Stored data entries

- Opening Delimiter -

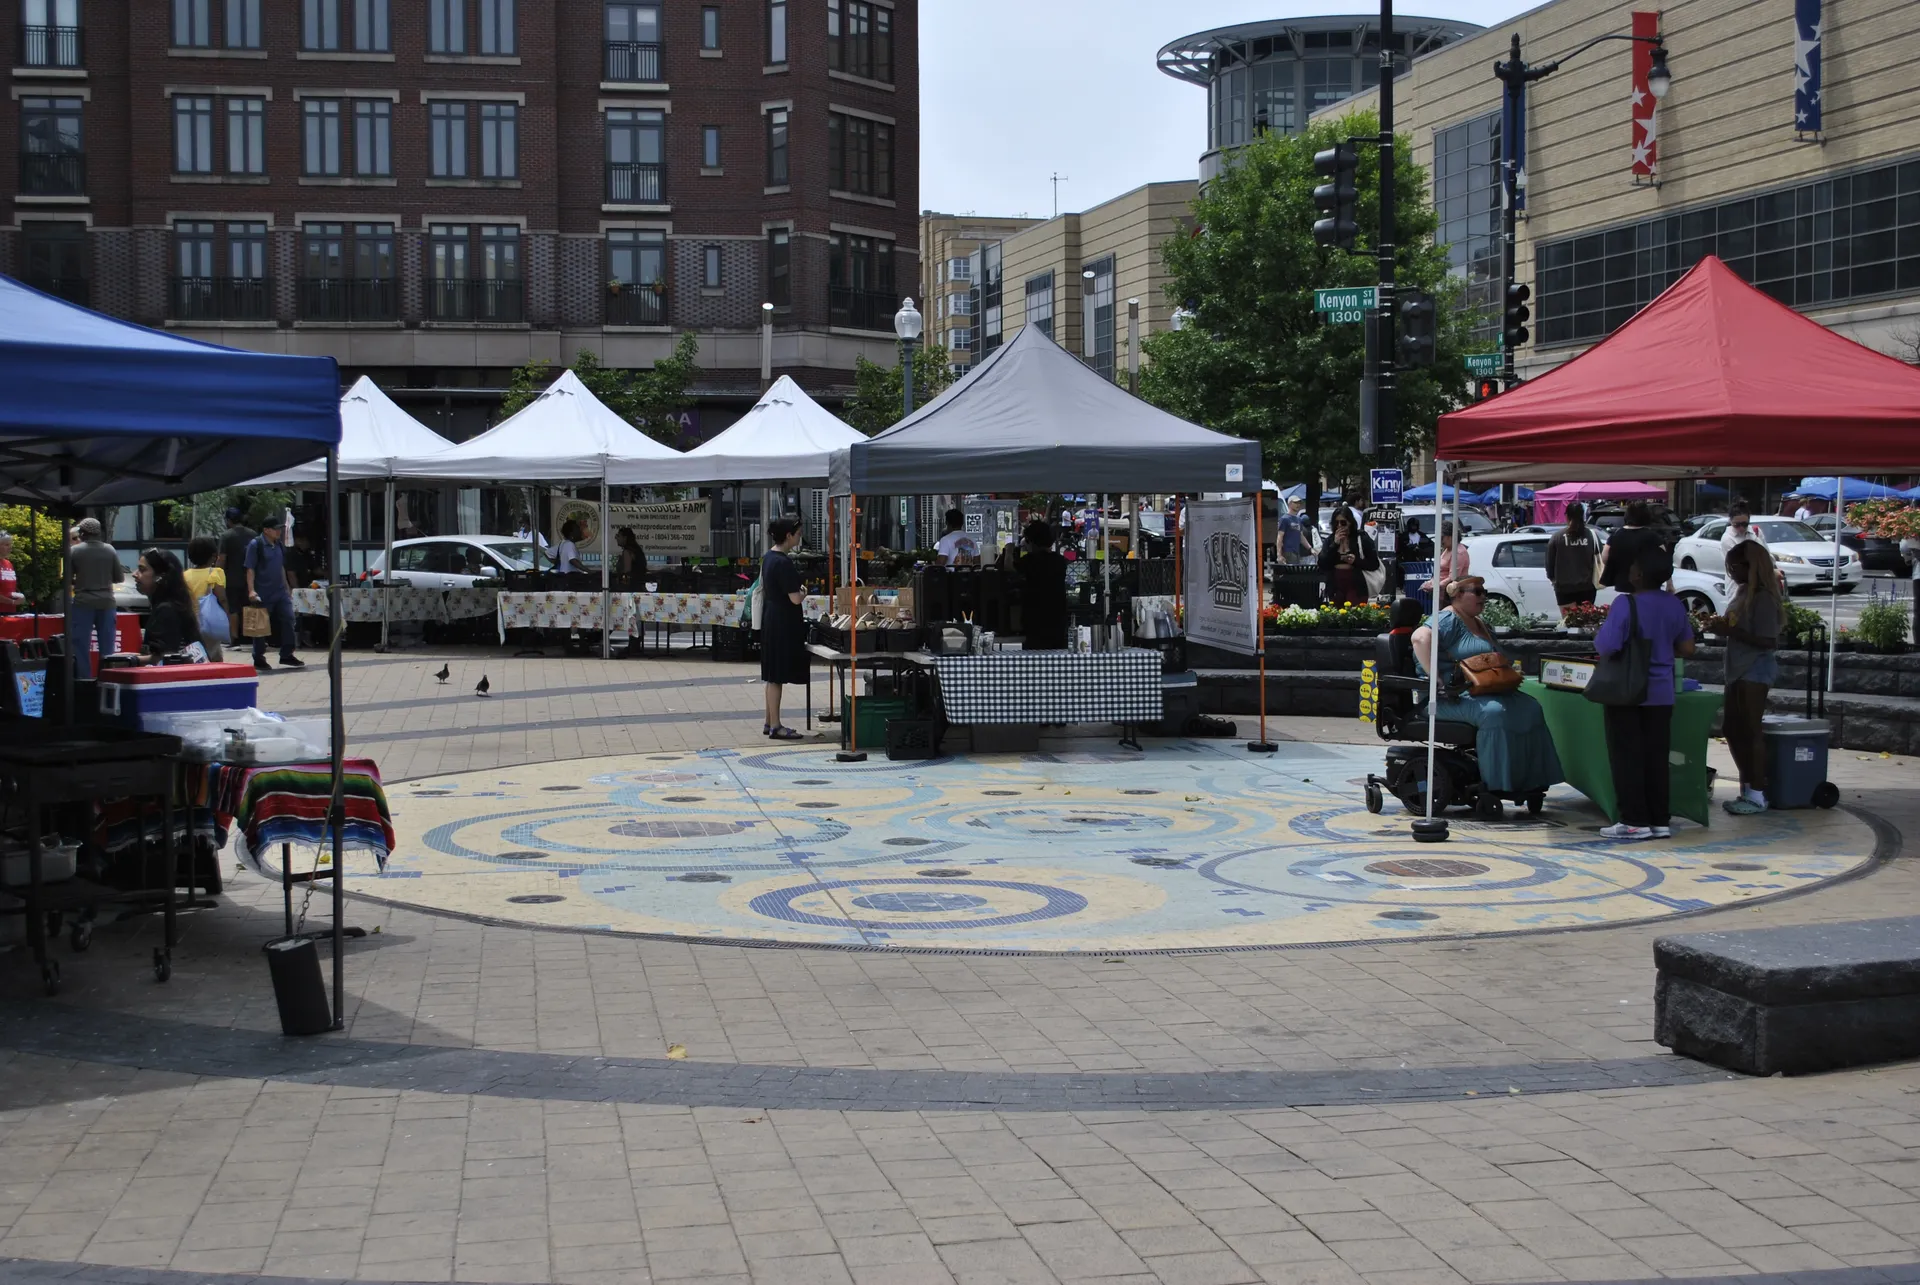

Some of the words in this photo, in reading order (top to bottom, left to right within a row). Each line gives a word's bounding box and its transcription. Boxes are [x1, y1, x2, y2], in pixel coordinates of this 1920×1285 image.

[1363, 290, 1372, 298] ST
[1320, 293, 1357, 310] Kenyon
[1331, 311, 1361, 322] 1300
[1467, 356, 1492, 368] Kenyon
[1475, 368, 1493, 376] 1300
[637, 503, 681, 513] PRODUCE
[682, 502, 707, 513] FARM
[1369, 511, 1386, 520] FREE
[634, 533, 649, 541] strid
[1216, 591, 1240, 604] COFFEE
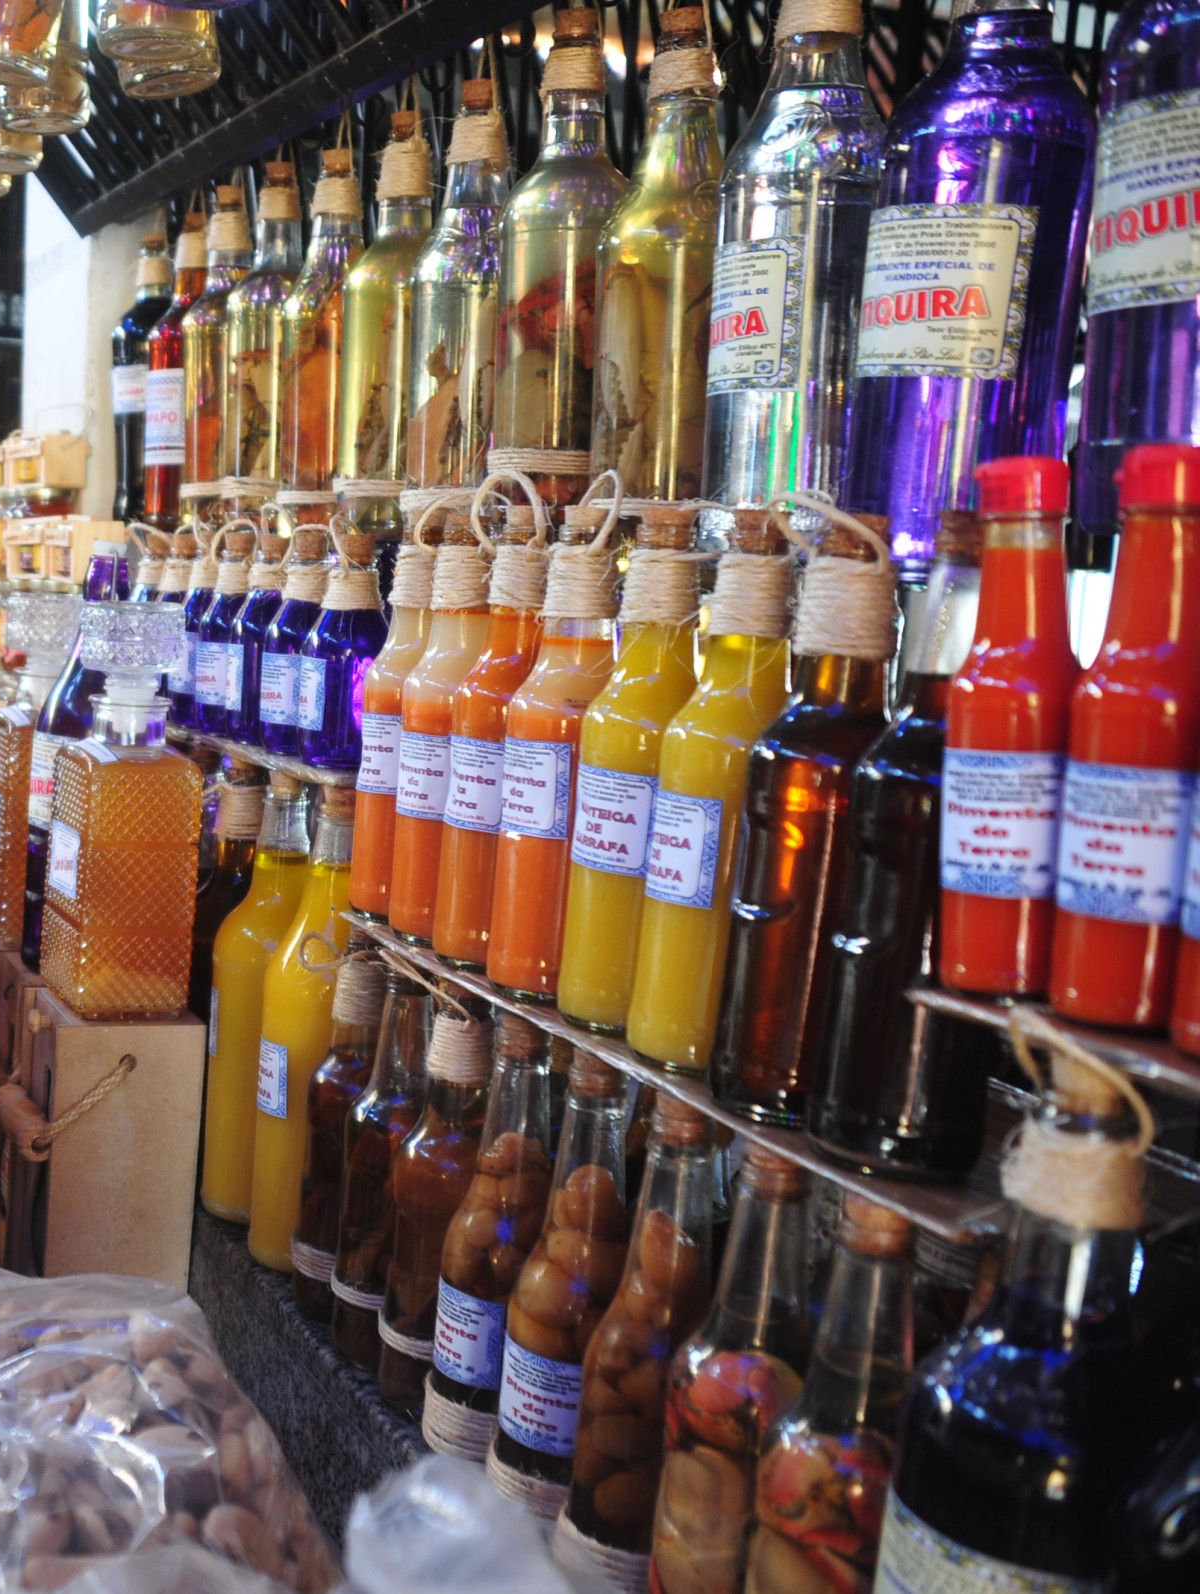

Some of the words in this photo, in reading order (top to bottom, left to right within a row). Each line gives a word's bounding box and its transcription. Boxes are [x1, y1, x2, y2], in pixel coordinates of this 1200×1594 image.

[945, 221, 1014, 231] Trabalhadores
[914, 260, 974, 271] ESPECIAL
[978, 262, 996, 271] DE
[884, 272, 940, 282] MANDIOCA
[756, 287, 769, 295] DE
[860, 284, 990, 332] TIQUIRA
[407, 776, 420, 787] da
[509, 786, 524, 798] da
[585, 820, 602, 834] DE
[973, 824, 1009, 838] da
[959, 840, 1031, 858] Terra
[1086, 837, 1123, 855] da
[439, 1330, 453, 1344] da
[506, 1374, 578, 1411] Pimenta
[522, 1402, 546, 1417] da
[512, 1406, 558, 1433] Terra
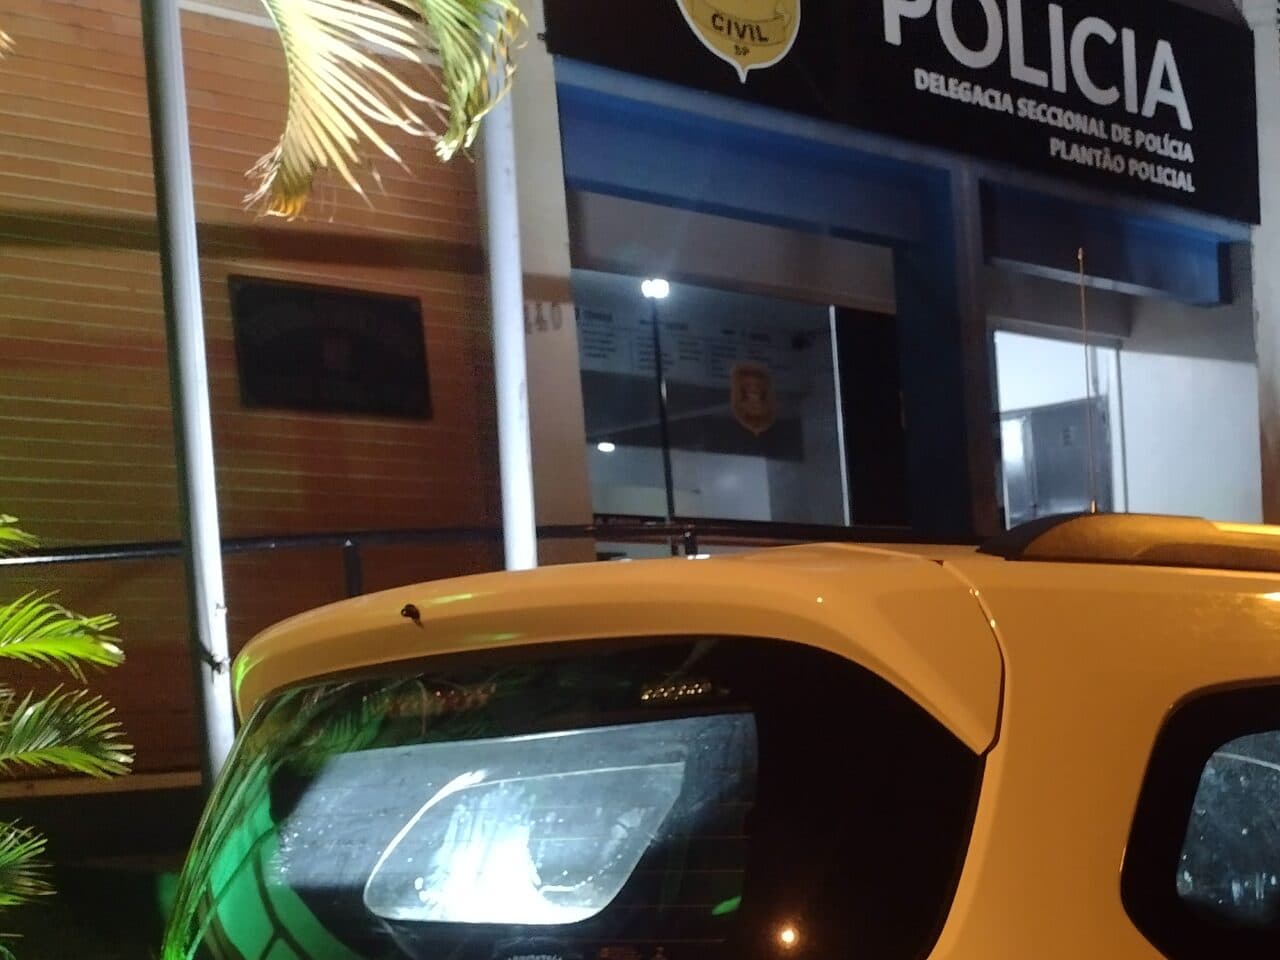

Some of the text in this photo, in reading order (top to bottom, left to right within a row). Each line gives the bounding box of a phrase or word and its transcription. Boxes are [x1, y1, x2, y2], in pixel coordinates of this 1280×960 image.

- Closing Delimiter -

Exercise goal :: The full text of the data above, exact and without pictures, is what to return.

Response to the task ::
Some of the words in this photo, in reading order (top to bottom, left to right within a row). Each line gives a word's bounding box and its transcription. Boxes are [x1, y1, x2, y2], in pixel coordinates of this 1920×1285 image.

[1363, 290, 1372, 298] ST
[1320, 293, 1357, 310] Kenyon
[1331, 311, 1361, 322] 1300
[1467, 356, 1492, 368] Kenyon
[1475, 368, 1493, 376] 1300
[637, 503, 681, 513] PRODUCE
[682, 502, 707, 513] FARM
[1369, 511, 1386, 520] FREE
[634, 533, 649, 541] strid
[1216, 591, 1240, 604] COFFEE

Some of the words in this photo, in reading order (top to bottom, left to right within a row). Each line gives a word's bounding box and its transcription. Boxes are [x1, y1, x2, y2], in pixel coordinates of this 1200×1594 image.

[945, 221, 1014, 231] Trabalhadores
[914, 260, 974, 271] ESPECIAL
[978, 262, 996, 271] DE
[884, 272, 940, 282] MANDIOCA
[756, 287, 769, 295] DE
[860, 284, 990, 332] TIQUIRA
[407, 776, 420, 787] da
[509, 786, 524, 798] da
[585, 820, 602, 834] DE
[973, 824, 1009, 838] da
[959, 840, 1031, 858] Terra
[1086, 837, 1123, 855] da
[439, 1330, 453, 1344] da
[506, 1374, 578, 1411] Pimenta
[522, 1402, 546, 1417] da
[512, 1406, 558, 1433] Terra

Some of the text in this photo, in reading order (top to bottom, left to right within a row). Each line gives the bounding box of a phrase or word and its transcription. Boxes are [x1, y1, x2, y2], in pixel coordinates of this 1280×960 image.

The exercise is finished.